Analysis of Residual Ethylene Oxide in Medical Devices by Gas Chromatography

Importance of the Topic

Ethylene oxide sterilization is widely employed for medical devices due to its effectiveness against microorganisms. However, residual ethylene oxide and its byproducts, ethylene chlorohydrin and ethylene glycol, pose potential health risks and must be monitored to ensure patient safety and regulatory compliance.

Study Objectives and Overview

This study aimed to develop and validate a gas chromatography method for the simultaneous analysis of residual ethylene oxide (EO), ethylene chlorohydrin (ECH), and ethylene glycol (EG) in medical devices. The method was referenced against JIS T 0993-7:2012 and ISO 10993-7:2008 standards to meet international measurement requirements.

Applied Methodology

• Extraction approach: simulated-use or exhaustive extraction using water as solvent.
• Standard solutions: 100 µg/mL EO stock, 500 µg/mL mixed ECH/EG stock; calibration levels prepared at 1, 5, 10, and 25 µg/mL.
• Sample introduction enhancement: 20 mg deactivated glass wool packed into a split glass insert to stabilize peak shape and improve reproducibility.

Used Instrumentation

• Gas chromatograph: Shimadzu Nexis GC-2030 with AOC-20i Plus autosampler.
• Detector: FID-2030 flame ionization detector.
• Analytical column: SH-Stabilwax (30 m × 0.53 mm I.D., 1 µm film).
• Oven program: 60 °C hold for 3 min, ramp 20 °C/min to 200 °C, hold 10 min (20 min total).
• Injection conditions: split mode, 0.5 µL injection volume, split ratio of 3, injector temperature 250 °C.
• Carrier gas: nitrogen at constant linear velocity of 40 cm/s.
• Detector gases: hydrogen 32 mL/min, air 200 mL/min, makeup nitrogen 24 mL/min.

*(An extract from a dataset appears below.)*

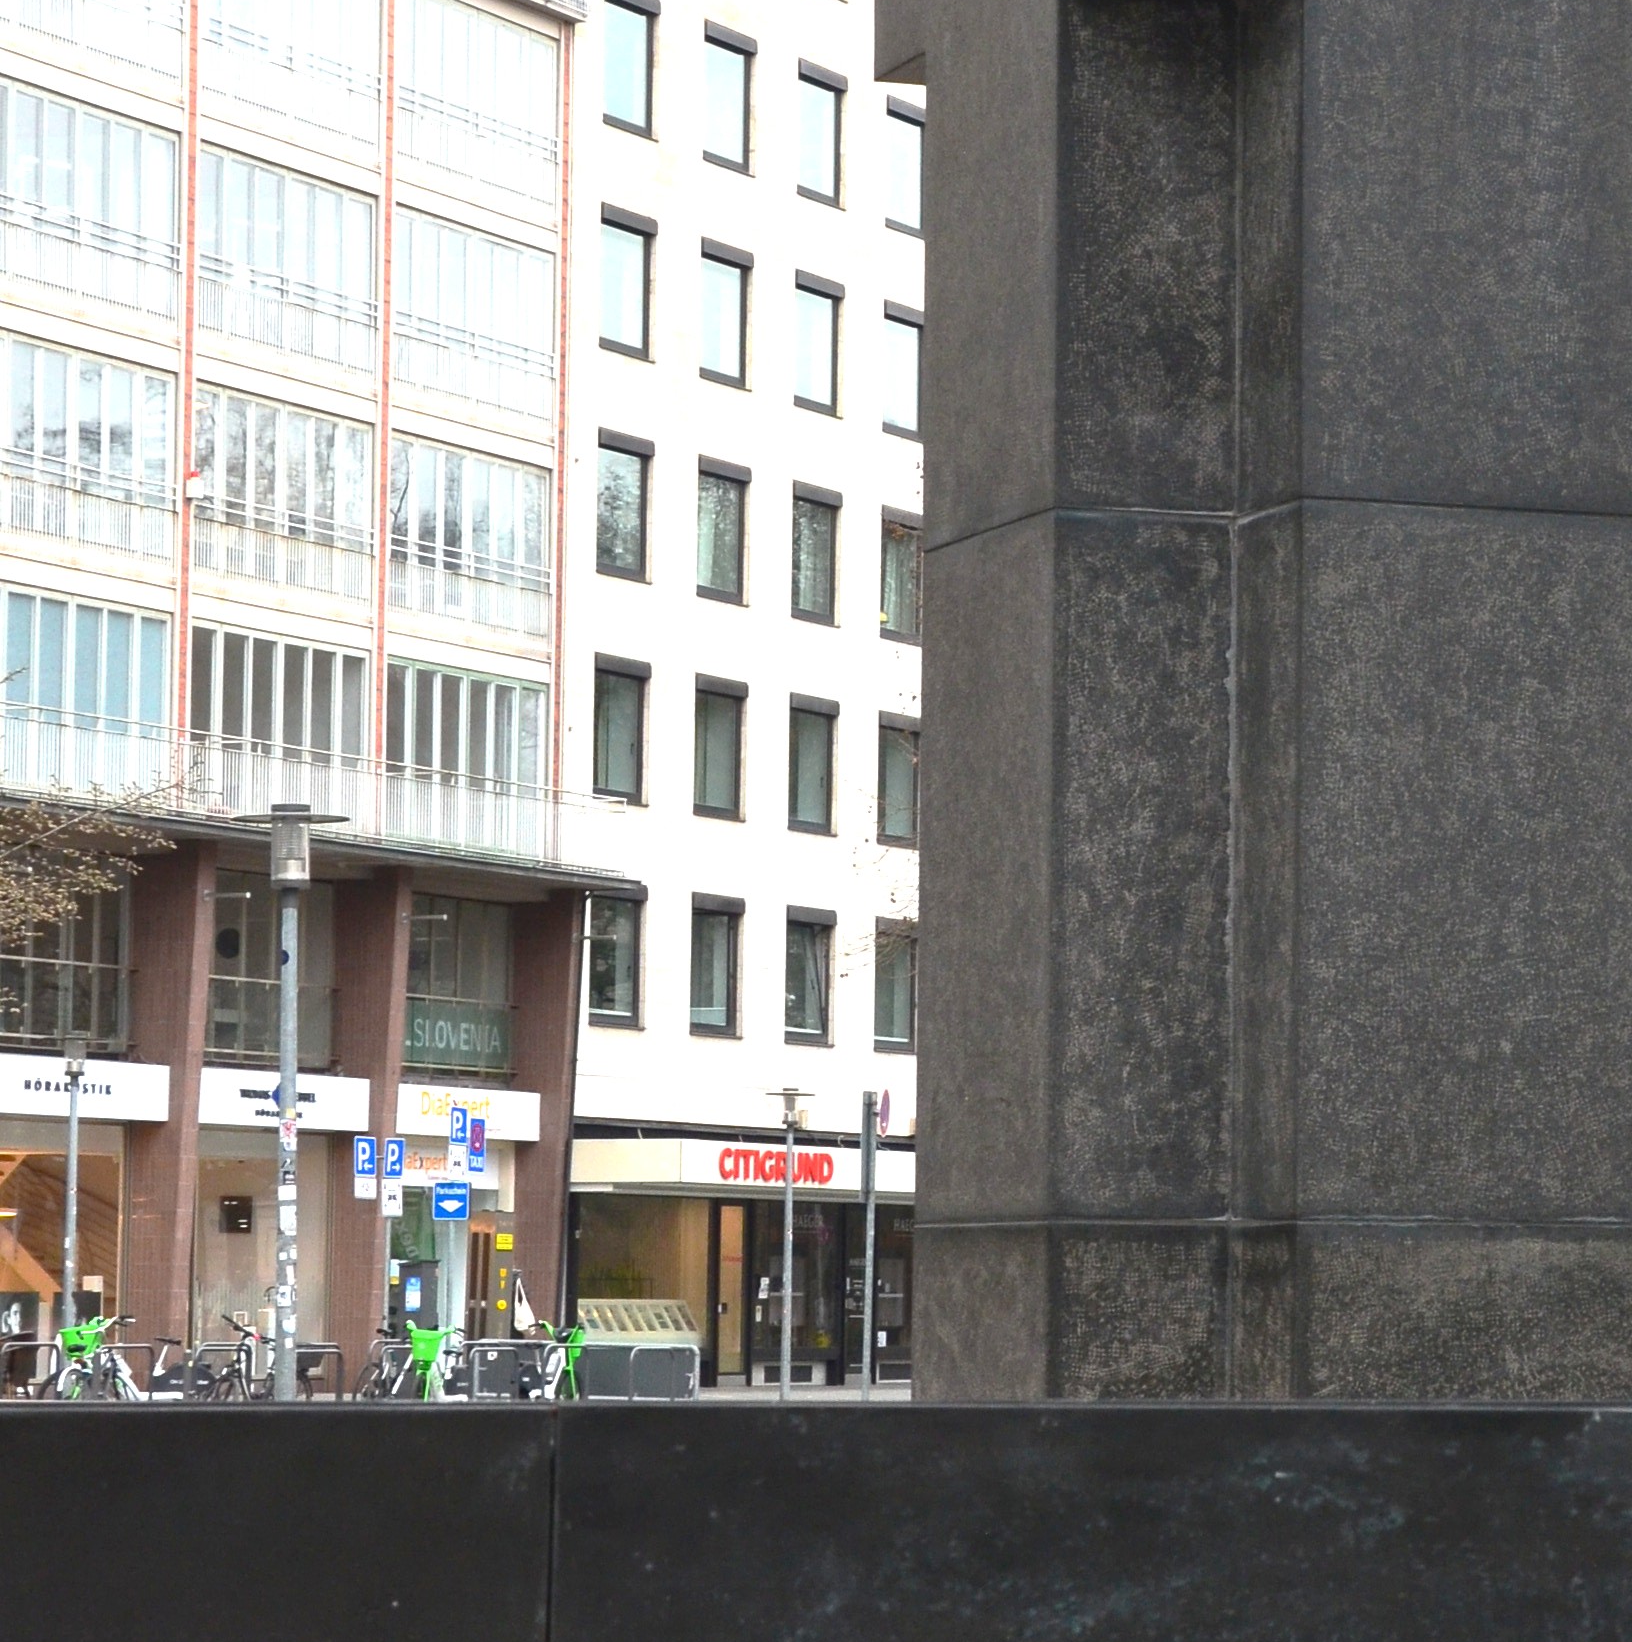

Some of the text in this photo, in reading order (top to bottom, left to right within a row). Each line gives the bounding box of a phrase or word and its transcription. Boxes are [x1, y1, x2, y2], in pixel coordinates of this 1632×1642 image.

Main Results and Discussion

• Linearity: Correlation coefficients (R²) ≥ 0.9993 for EO, ECH, and EG across 1–25 µg/mL.
• Precision: Peak area RSDs < 1.4% for EO and ECH, < 5.8% for EG at the lowest concentration, satisfying ≤ 5% requirement.
• Resolution: Baseline separation achieved with resolution > 2 between EO and adjacent peaks.
• Tailing factors: ≤ 1.47 for EO, ≤ 1.10 for ECH, ≤ 1.47 for EG, meeting ≤ 1.8 criterion.
• Detection limits: EO ~ 0.11–0.12 µg/mL, ECH ~ 0.14–0.16 µg/mL, EG ~ 0.15–0.29 µg/mL (S/N=3).
• Quantification limits: EO ~ 0.36–0.41 µg/mL, ECH ~ 0.48–0.53 µg/mL, EG ~ 0.48–0.95 µg/mL (S/N=10).

Benefits and Practical Applications

• Simultaneous determination of EO, ECH, and EG reduces analysis time and solvent use compared to separate methods.
• Method fully complies with JIS T 0993-7:2012 and ISO 10993-7:2008 regulatory requirements.
• High reproducibility and sensitivity support routine quality control of sterilized medical devices.
• Simplified workflow enhances laboratory efficiency and data consistency.

Future Trends and Potential Applications

Further development may focus on integrating mass spectrometric detection for improved selectivity, automating sample preparation to increase throughput, and expanding the method to monitor additional sterilization byproducts and diverse medical device materials.

Conclusion

The validated GC-FID method on the Shimadzu Nexis GC-2030 platform provides reliable, reproducible, and compliant analysis of residual EO, ECH, and EG in medical devices, facilitating enhanced quality assurance in sterilization monitoring.

Reference

No specific literature references were provided.